I am glad to meet you all.
Today, we are holding the 3rd Plenary Session of the Presidential Advisory Council on Science and Technology. This year, 18 new members from the private sector have been appointed to the PACST, and eight of them are women. I have very high expectations for the new members as they represent Korea’s science and technology community.
We are having a tough year. All of our citizens have worked their hardest to overcome the economic crisis expeditiously while doing everything possible for epidemic prevention and control. Science and technology have played an immense role. Biohealth and digital technologies have been of tremendous service in stemming the spread of coronavirus, enabling Korea’s response to COVID-19 to produce results. When it comes to self-sufficiency in the production of materials, parts and equipment to surmount Japan’s export restrictions, our science and technology have also demonstrated their potential.
I am very proud because I can see how science and technology are serving as the building blocks for increasing the nation’s strength and just how passionately our scientists and engineers work every time a crisis looms. They are doing their best even at this moment to develop treatments and vaccines – I join the people in cheering them on.
Our science and technology community has achieved a lot since the launch of the PACST. A researcher-centered national R&D innovation policy has been established to enhance the country’s innovative capabilities. Moreover, the national R&D budget has been sharply increased, including the funds for basic research. Providing institutional safeguards that support taking on challenges has improved both the quantity and quality of R&D.
The Government’s R&D budget for next year, which the PACST deliberated, amounts to 27.4 trillion won, the largest ever. It reflects the Government’s strong commitment to science and technology and the people’s aspirations for the future.
These funds will be injected into developing vaccines and treatments, thereby serving as pump priming to overcome the COVID-19 pandemic. They will also offer strong support for innovative growth by promoting the Digital and Green new deals as well as self-sufficiency in the production of materials, parts and equipment. I extend my profound appreciation to PACST Vice Chairperson Yeom Han Woong and other Council members for pooling their wisdom for our country’s future.

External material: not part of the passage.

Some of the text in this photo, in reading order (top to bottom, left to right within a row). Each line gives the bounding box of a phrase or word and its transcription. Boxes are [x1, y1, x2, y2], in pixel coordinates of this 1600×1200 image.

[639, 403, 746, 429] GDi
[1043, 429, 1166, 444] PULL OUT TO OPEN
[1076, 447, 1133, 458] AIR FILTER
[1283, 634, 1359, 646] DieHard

Next year will be truly significant for our science and technology community. We will usher in the era of public and private R&D expenditures combined reaching 100 trillion won. This amount ranks fifth globally in terms of scale and first or second as a percentage of GDP. Our grand, ever-growing vision for science-based nation building has been reflected in our R&D investment. You might see this as us aspiring to become a leading country. Domestic businesses, universities and research institutes’ capacity for innovation has been significantly enhanced to the extent that as much as 78 percent of the nation’s R&D resources come from the private sector.
Along with seven countries, including the United States and some from the European Union, Korea is playing a vital role in the development of humanity’s first International Thermonuclear Experimental Reactor (ITER). After launching Chollian 2B, the world’s first geostationary satellite for environmental observation, we are monitoring the atmosphere of East Asia. With the development of the world’s fastest high-speed electronic camera, we have now come to possess a new eye that allows us to look deeper into nature.

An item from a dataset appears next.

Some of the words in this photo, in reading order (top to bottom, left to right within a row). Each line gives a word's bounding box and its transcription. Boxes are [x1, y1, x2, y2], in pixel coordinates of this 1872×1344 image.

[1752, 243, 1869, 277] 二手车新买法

Despite the global economic difficulties this year, our companies have been spending more on R&D investments than they did last year. We are also seeing more tech-driven startups. Innovation has become part of our economic fundamentals, as evidenced by the fact that the number of international patent applications from Korea hit an all-time high and the corresponding rate of increase ranked second in the world.
If science and technology play a larger role in solving matters related to people’s safety and health as well as to the planet, such as infectious diseases, greenhouse gas and climate change response, we will be able to become a pace-setting, innovative powerhouse. This is an era when science and technology become the source of power for the economy and security. We must lead the world in science and technology and become a powerhouse that exports technology, moving beyond manufactured goods. To this end, I would like to see today’s discussion focus on three issues.
First, the private sector’s R&D investment should be further vitalized. Gone is the era when the government spearheads the efforts to enhance the nation’s scientific and technological capabilities. Regulations have to be boldly lifted and the principal agents of innovation must be given impetus so that innovation can occur in the market. We will have to speed up regulatory reforms through, for instance, regulatory sandboxes and special regulation-free zones and add such assistance as tax breaks and the expansion of public procurement. In particular, I urge you to devise bold policies so that SMEs and business ventures can stand at the center of innovation.
Second, we must develop technologies that are closely connected with the people’s lives and help make their lives safe and pleasurable. I ask the Government and the scientific community to show more interest in the areas closely related to the people’s lives such as climate change, infectious diseases, fine dust, plastic waste and marine litter.
Third, we need precise strategies to develop science and technology for a carbon-neutral society. The 30-year span to 2050 is by no means a long time. It is going to be very difficult to transition to a low-carbon energy structure and low-carbon industries. Science and technology have to buttress our carbon neutrality roadmap. The roadmap can succeed only if tied to science and technology. I also ask you to put your heads together to find ways to create and advance our carbon neutrality roadmap as well as develop core technologies.